#### WORK ORDER
Print the following entries without any change.
((
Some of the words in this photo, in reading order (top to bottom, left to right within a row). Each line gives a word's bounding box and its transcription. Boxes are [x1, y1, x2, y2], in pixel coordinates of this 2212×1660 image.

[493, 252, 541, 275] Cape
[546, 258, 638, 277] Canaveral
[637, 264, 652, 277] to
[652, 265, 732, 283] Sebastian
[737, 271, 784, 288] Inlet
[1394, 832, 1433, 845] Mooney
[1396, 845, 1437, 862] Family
))
#### ANSWER SPACE
Some of the words in this photo, in reading order (top to bottom, left to right within a row). Each line gives a word's bounding box and its transcription. Boxes are [x1, y1, x2, y2], in pixel coordinates of this 2212×1660 image.

[493, 252, 541, 275] Cape
[546, 258, 638, 277] Canaveral
[637, 264, 652, 277] to
[652, 265, 732, 283] Sebastian
[737, 271, 784, 288] Inlet
[1394, 832, 1433, 845] Mooney
[1396, 845, 1437, 862] Family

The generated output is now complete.